CVE-2025-36041

Name of the Vulnerable Software and Affected Versions IBM MQ Operator LTS versions 2.0.0 through 2.0.29 IBM MQ Operator CD versions 3.0.0, 3.0.1, 3.1.0 through 3.1.3, 3.3.0, 3.4.0, 3.4.1, 3.5.0, 3.5.1 through 3.5.3 IBM MQ Operator SC2 versions 3.2.0 through 3.2.12

Description The issue allows the Native HA CRR to be configured with a private key and chain other than the intended key. This could disclose sensitive information or allow an attacker to perform unauthorized actions.

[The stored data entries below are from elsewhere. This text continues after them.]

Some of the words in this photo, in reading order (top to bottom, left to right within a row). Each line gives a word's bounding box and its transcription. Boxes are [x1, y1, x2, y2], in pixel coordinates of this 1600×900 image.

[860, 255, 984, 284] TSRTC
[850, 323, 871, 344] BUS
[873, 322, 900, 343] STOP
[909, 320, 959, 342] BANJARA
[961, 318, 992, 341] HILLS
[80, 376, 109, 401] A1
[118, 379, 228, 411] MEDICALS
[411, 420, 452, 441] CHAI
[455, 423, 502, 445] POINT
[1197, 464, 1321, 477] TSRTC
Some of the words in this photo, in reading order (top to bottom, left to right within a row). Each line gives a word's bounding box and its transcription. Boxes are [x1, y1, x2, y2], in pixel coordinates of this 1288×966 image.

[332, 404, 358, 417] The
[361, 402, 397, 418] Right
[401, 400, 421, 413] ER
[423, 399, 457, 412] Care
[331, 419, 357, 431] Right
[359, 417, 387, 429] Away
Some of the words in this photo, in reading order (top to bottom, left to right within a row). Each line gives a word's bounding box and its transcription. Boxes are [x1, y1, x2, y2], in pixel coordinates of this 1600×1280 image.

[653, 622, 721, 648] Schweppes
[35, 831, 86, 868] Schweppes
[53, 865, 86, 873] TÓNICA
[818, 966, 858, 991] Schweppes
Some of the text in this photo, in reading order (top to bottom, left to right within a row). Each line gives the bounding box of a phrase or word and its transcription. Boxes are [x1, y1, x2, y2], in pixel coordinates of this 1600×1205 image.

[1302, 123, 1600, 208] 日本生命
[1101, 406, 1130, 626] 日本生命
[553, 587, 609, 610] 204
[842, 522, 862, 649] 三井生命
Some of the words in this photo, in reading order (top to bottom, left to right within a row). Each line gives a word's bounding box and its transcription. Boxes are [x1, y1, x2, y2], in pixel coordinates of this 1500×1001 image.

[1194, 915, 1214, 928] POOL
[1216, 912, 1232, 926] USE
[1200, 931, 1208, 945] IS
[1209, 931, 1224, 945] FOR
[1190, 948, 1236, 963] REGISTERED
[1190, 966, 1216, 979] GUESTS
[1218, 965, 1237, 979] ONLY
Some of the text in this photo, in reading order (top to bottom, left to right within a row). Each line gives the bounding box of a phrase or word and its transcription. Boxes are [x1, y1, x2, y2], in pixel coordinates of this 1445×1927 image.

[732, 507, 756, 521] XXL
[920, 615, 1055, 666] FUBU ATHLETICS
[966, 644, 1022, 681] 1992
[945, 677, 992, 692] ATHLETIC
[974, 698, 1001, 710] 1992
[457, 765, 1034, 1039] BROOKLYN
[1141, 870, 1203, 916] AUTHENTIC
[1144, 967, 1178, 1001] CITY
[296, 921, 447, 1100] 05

Recommendations For IBM MQ Operator LTS versions 2.0.0 through 2.0.29, update to a version that includes the fix for this issue. For IBM MQ Operator CD versions 3.0.0, 3.0.1, 3.1.0 through 3.1.3, 3.3.0, 3.4.0, 3.4.1, 3.5.0, 3.5.1 through 3.5.3, update to a version that includes the fix for this issue. For IBM MQ Operator SC2 versions 3.2.0 through 3.2.12, update to a version that includes the fix for this issue. As a temporary workaround, consider restricting access to the Native HA CRR configuration to minimize the risk of exploitation.